# Object Detection
`Image.Detection` answers "where are the objects in this image and what are they?". It returns a list of bounding boxes with class labels and confidence scores.
## Basic detection
```elixir
iex> street = Image.open!("street.jpg")
iex> detections = Image.Detection.detect(street)
iex> hd(detections)
%{label: "person", score: 0.97, box: {120, 45, 60, 180}}
```
Each detection is a map with:
- `:label` — one of 80 COCO class names (`person`, `bicycle`, `car`, `dog`, …)
- `:score` — confidence score in `[0.0, 1.0]`
- `:box` — `{x, y, width, height}` in pixel coordinates of the original image
Results are sorted by descending confidence.
## Filtering by confidence
The default minimum score is `0.5`. Raise it to get only high-confidence detections:
```elixir
iex> Image.Detection.detect(street, min_score: 0.8)
[%{label: "person", score: 0.94, box: {120, 45, 60, 180}}, ...]
```
## Drawing bounding boxes
`draw_bbox_with_labels/2` annotates the image:
```elixir
iex> detections = Image.Detection.detect(street)
iex> annotated = Image.Detection.draw_bbox_with_labels(detections, street)
iex> Image.save!(annotated, "annotated.jpg")
```
It accepts the same image that `detect/2` was called on.
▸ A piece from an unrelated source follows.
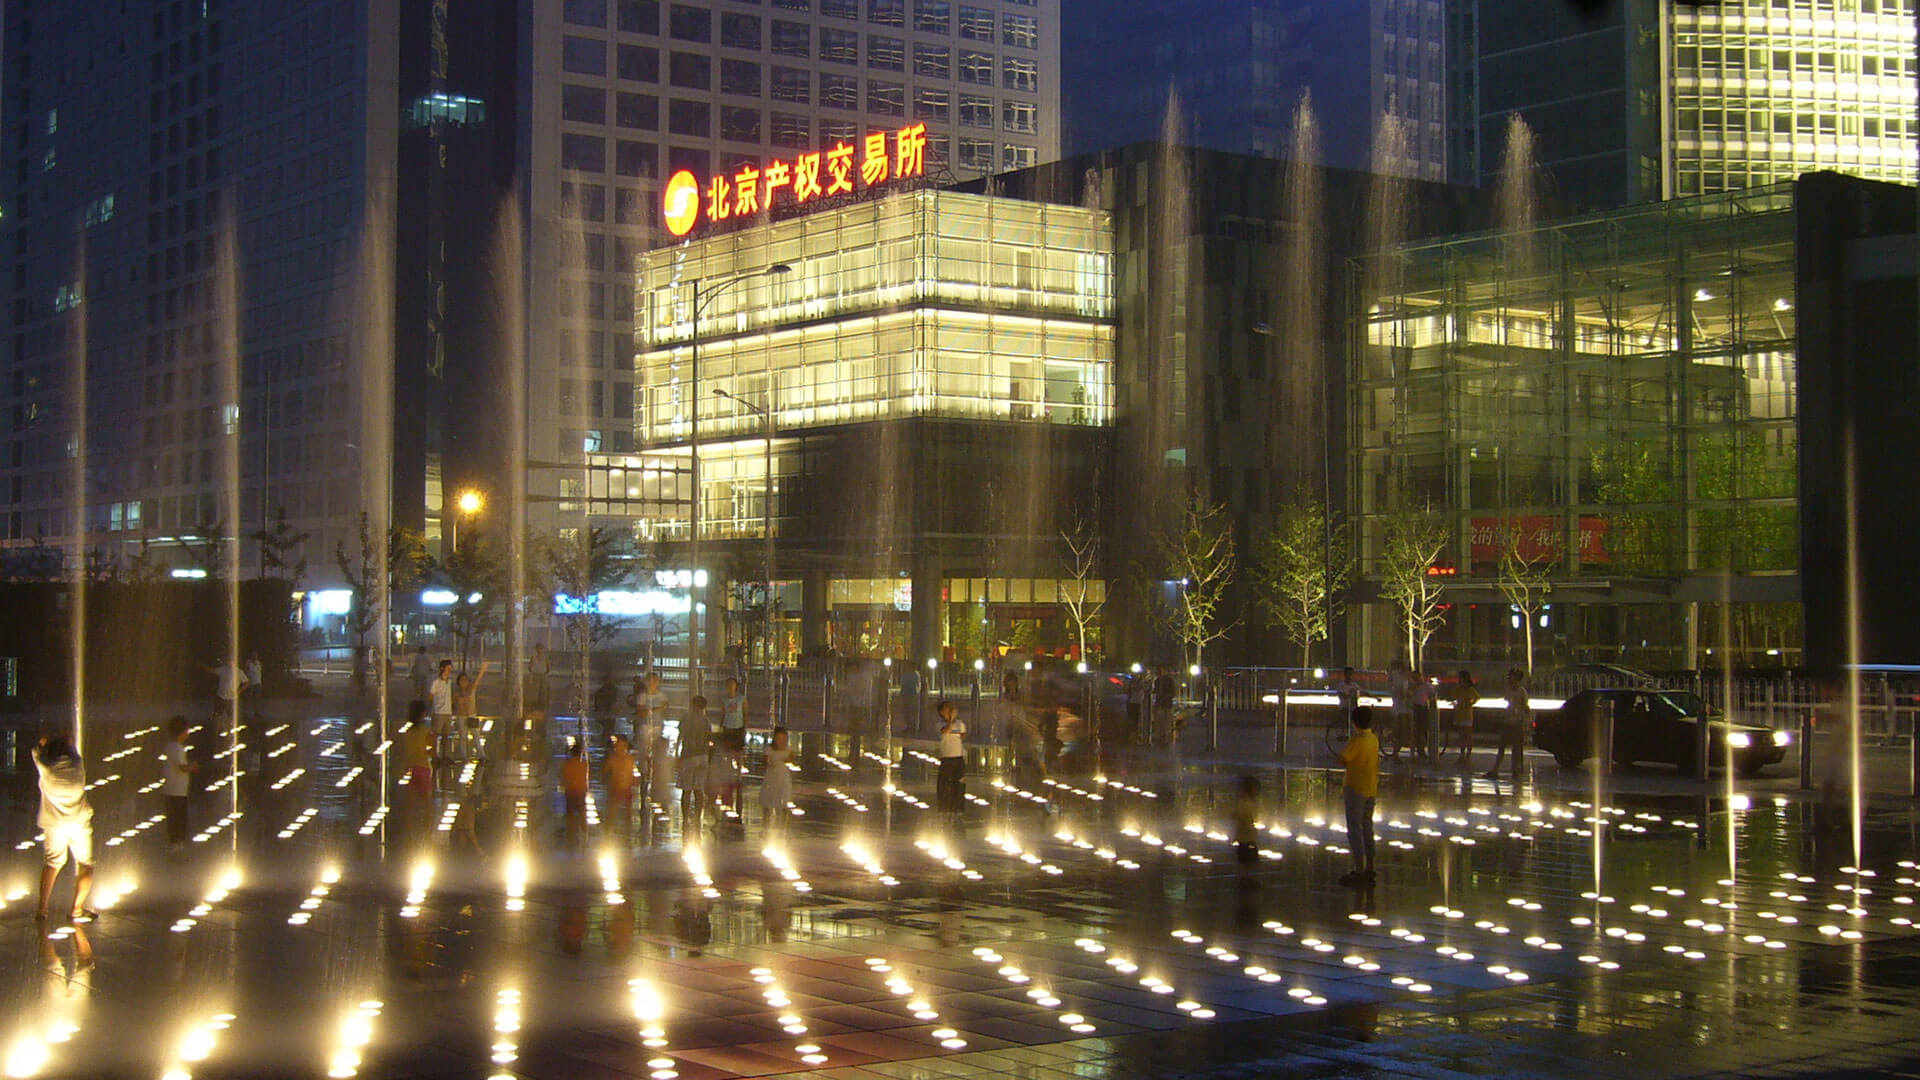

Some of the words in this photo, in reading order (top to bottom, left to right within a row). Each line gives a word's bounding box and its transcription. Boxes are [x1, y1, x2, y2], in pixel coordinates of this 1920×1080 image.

[706, 123, 927, 221] 北京产权交易所
Pipeline:
```elixir
iex> street
...> |> Image.Detection.detect()
...> |> Image.Detection.draw_bbox_with_labels(street)
...> |> Image.save!("annotated.jpg")
```
## Available classes
The default RT-DETR model is trained on COCO 80 classes:
```elixir
iex> Image.Detection.classes()
["person", "bicycle", "car", "motorcycle", "airplane", "bus", "train", ...]
```
## Using a different model
`detect/2` accepts `:repo` and `:filename` to swap in any RT-DETR-family ONNX model from HuggingFace:
```elixir
# Smaller R18 backbone (~80 MB) — faster, slightly less accurate
iex> Image.Detection.detect(image, repo: "onnx-community/rtdetr_r18vd")
# Quantized variant of the default (~45 MB INT8) — much smaller download, some accuracy cost
iex> Image.Detection.detect(image, filename: "onnx/model_quantized.onnx")
```
For one-off use, pass options per call. To make a non-default model the project default, you can wrap the call:
```elixir
defp detect(image), do: Image.Detection.detect(image, repo: "onnx-community/rtdetr_r18vd")
```
To pre-download a model into the cache:
```bash
mix image_vision.download_models --detect
```
(The download task fetches the configured default; if you've changed the repo for a single call site, the cache will populate on first use.)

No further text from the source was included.